[Saved entries]

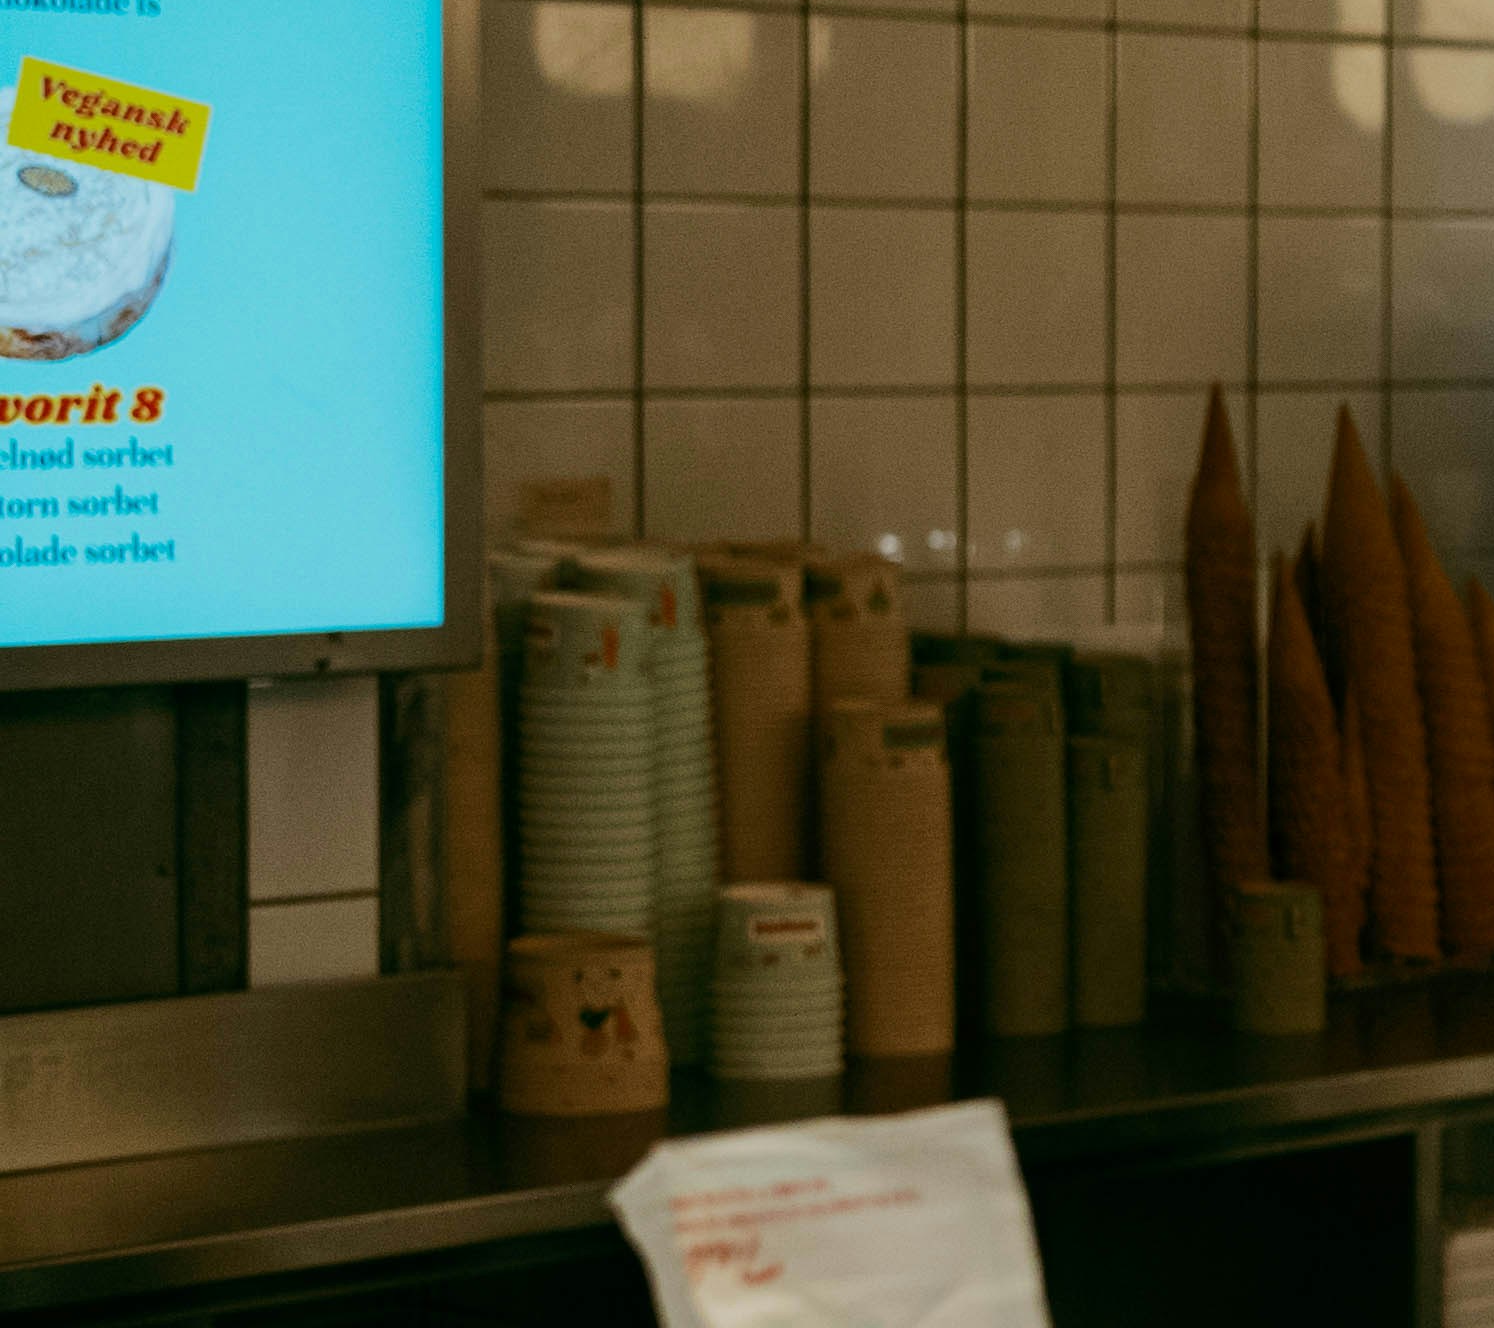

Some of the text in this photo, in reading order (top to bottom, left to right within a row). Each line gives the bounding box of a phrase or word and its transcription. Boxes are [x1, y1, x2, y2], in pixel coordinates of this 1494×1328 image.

[41, 74, 190, 137] Vegansk
[50, 120, 163, 165] nyhed
[131, 387, 165, 423] 8
[83, 435, 173, 467] sorbet
[68, 484, 158, 515] sorbet
[85, 531, 174, 563] sorbet

§ **ACTION ITEM**
When you print the records above, keep them exact and leave out the pictures.

§ **ANSWER FOR THIS EXERCISE**
Some of the text in this photo, in reading order (top to bottom, left to right within a row). Each line gives the bounding box of a phrase or word and its transcription. Boxes are [x1, y1, x2, y2], in pixel coordinates of this 1494×1328 image.

[41, 74, 190, 137] Vegansk
[50, 120, 163, 165] nyhed
[131, 387, 165, 423] 8
[83, 435, 173, 467] sorbet
[68, 484, 158, 515] sorbet
[85, 531, 174, 563] sorbet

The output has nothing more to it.